En parallèle, les opérations se poursuivent sur les deux autres pièces majeures de la centrale, l’alternateur et la turbine vapeur. "Il y a nécessité de coordonner parfaitement les différents corps de métiers pour que les trois opérations avancent sans se gêner", souligne Pierre-Henri d’Hausen.

Vers un nouveau chantier majeur sur l’unité 7

Habituellement plutôt tranquille, le site TotalEnergies de Saint-Avold s’est transformé en une véritable ruche : 100 modules de constructions modulaires, ainsi qu’un nouveau parking, ont été installés, pour permettre aux techniciens de travailler jour et nuit.

Et rien ne sera laissé au hasard sur le chantier : début août, au pic d’activité sur le chantier, plus de 300 personnes, employées par 30 entreprises différentes, seront mobilisées sur le site. "Ensuite, l’unité sera relancée pour 33 000 heures de fonctionnement, soit entre 5 et 7 années de production", estime le directeur de la centrale de Saint-Avold, qui anticipe déjà la duplication de ce chantier majeur, pour réviser la deuxième unité de production de la centrale, la STA7.

"Notre unité 7 affiche actuellement 80 000 heures de fonctionnement depuis sa mise en service. Nous devrions atteindre les 90 000 heures, soit le temps de fonctionnement nécessitant une révision complète, comme sur l’unité 8, dans les 2 ans", détaille le directeur de la centrale de Saint-Avold.

Un robot de soudure a été mobilisé pour reprendre les ajustements sur la turbine à gaz — Photo : Jean-François Michel

Le gaz pour combler l’intermittence des renouvelables

En 2024, le CCG mosellan de TotalEnergies a fonctionné pendant 2 000 heures, une année comptant 8760 heures. "En 2022, nous avons tourné pendant 90 % de l’année, pour assurer la stabilité du réseau électrique suite à l’indisponibilité du parc nucléaire", rappelle Pierre-Henri d’Hausen.

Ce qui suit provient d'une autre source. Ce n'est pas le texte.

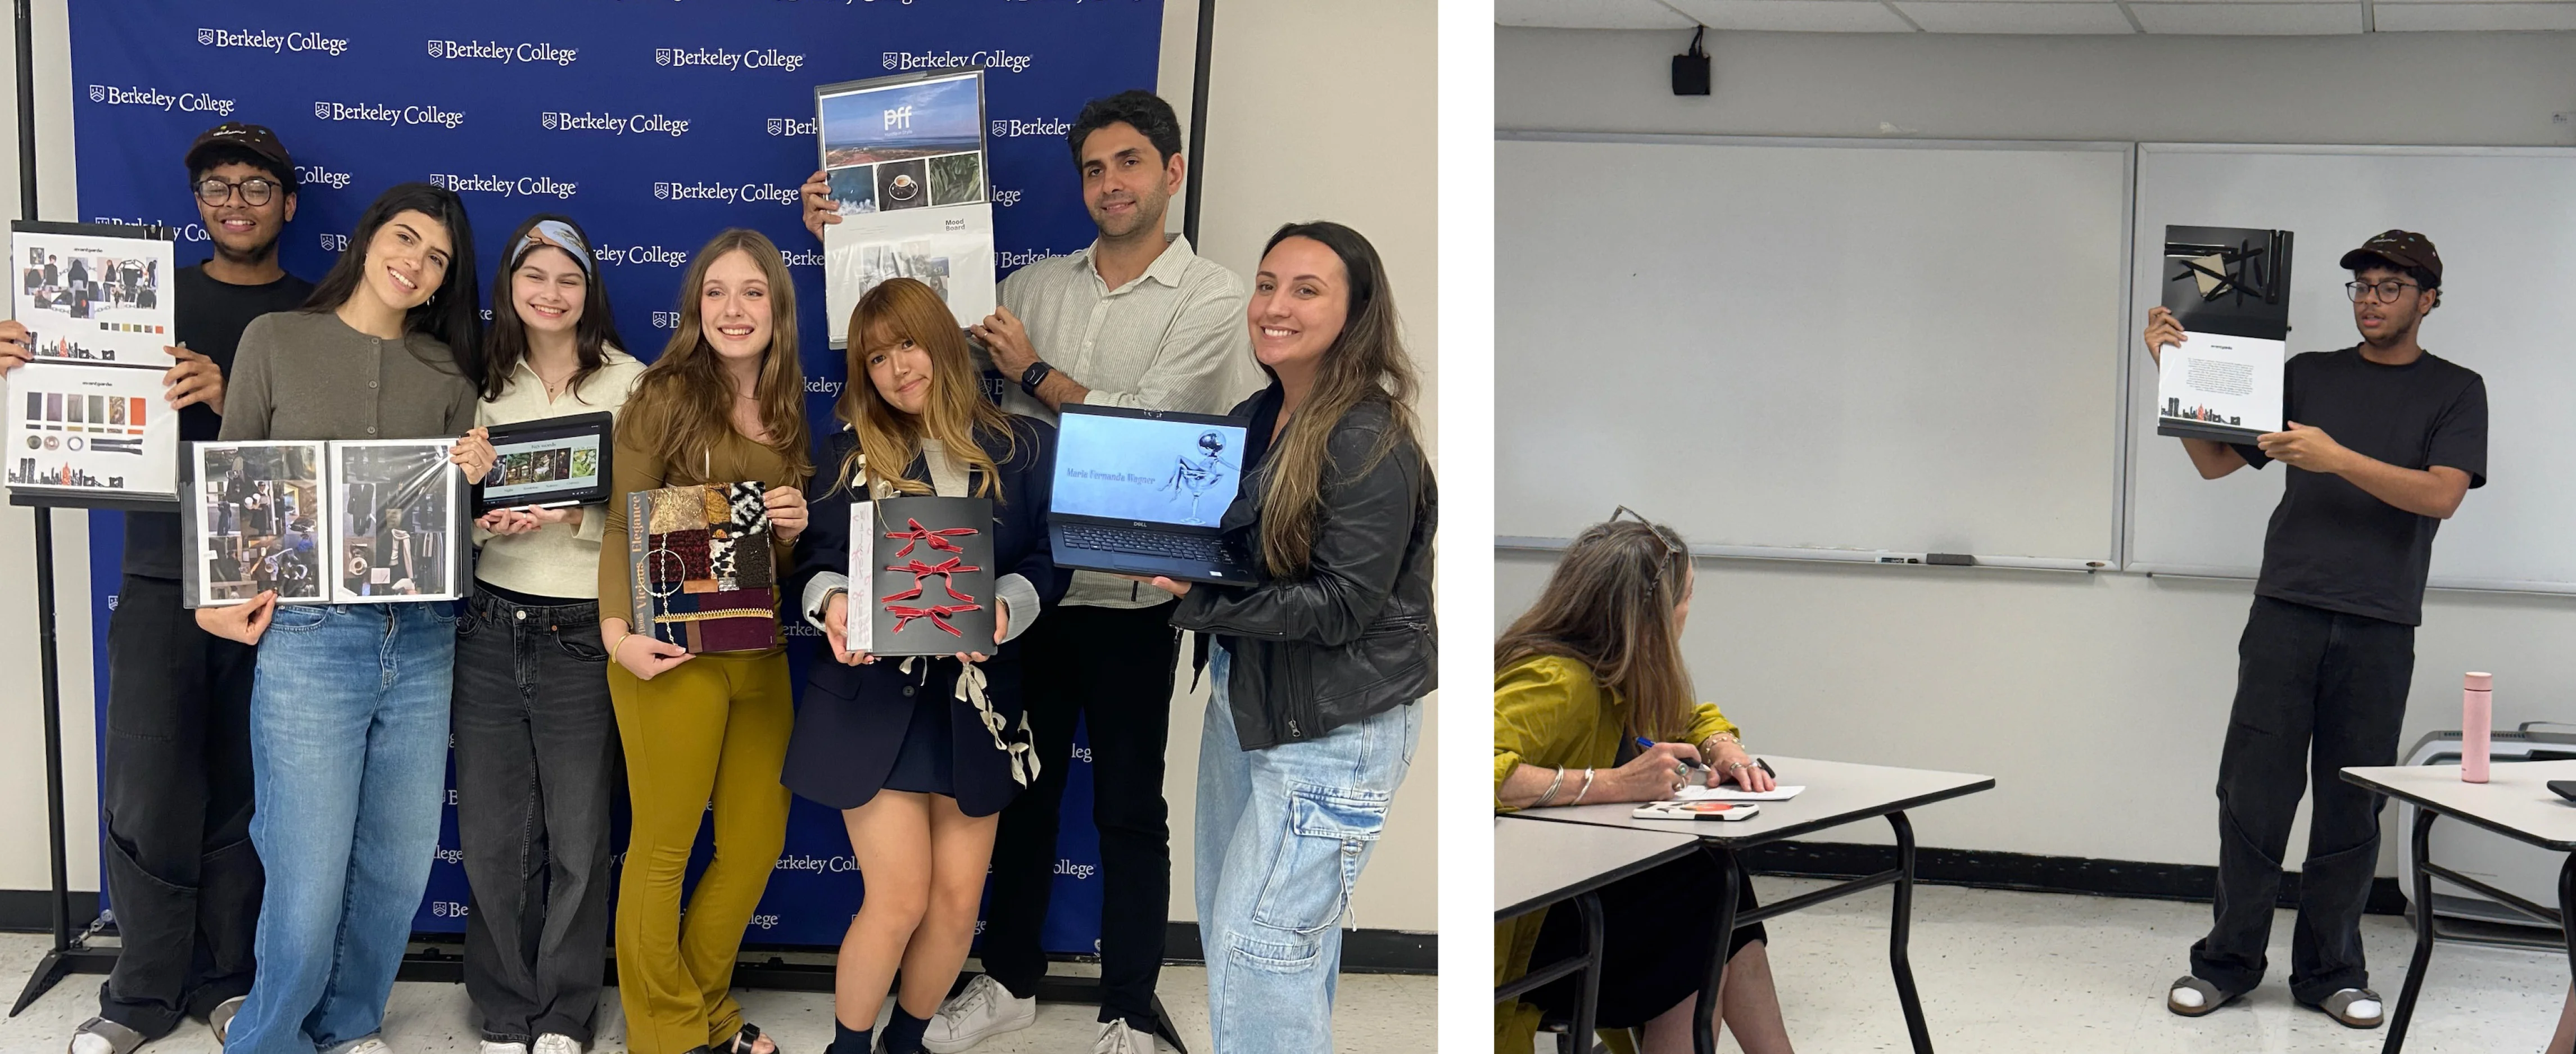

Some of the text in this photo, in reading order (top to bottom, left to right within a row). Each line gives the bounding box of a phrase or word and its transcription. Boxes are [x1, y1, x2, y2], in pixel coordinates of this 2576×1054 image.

[216, 29, 347, 56] Berkeley College
[445, 40, 576, 66] Berkeley College
[673, 48, 803, 71] Berkeley College
[971, 50, 1030, 73] College
[107, 87, 234, 116] Berkeley College
[333, 103, 463, 128] Berkeley College
[559, 112, 690, 136] Berkeley College
[784, 117, 818, 136] Berk
[447, 174, 576, 199] Berkeley College
[671, 182, 799, 205] Berkeley College
[992, 184, 1021, 207] lege
[593, 244, 686, 267] eley College
[780, 249, 825, 268] Berke
[803, 376, 843, 397] keley
[1067, 468, 1156, 485] Maria Fernanda Wagner
[632, 496, 646, 609] Vicious Elegance
[434, 844, 463, 864] lege
[776, 855, 827, 874] erkeley
[1053, 859, 1094, 879] ollege
[750, 913, 778, 929] lege

Produisant un MWh dont le prix oscille entre 80 et 100 euros, contre autour de 40 euros pour le MWh nucléaire, les 12 centrales thermiques à cycles combiné gaz français, dont cinq sont exploitées par TotalEnergies, devraient être amenées à fonctionner de plus en plus, malgré leurs poids carbone supérieur au solaire, à l’éolien ou au nucléaire.

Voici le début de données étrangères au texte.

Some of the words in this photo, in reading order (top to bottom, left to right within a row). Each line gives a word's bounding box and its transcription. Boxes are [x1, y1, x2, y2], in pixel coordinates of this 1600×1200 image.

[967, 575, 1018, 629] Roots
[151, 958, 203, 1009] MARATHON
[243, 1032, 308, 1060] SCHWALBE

"C’est aussi pour cela que nous avons décidé d’investir, rappelle Pierre-Henri d’Hausen. La croissance forte des énergies renouvelables fait que notre centrale va être de plus en plus sollicitée". Concrètement, là où le solaire et l’éolien sont dépendants de la météo, une centrale à gaz peut toujours être démarrée pour faire face aux besoins du réseau électrique.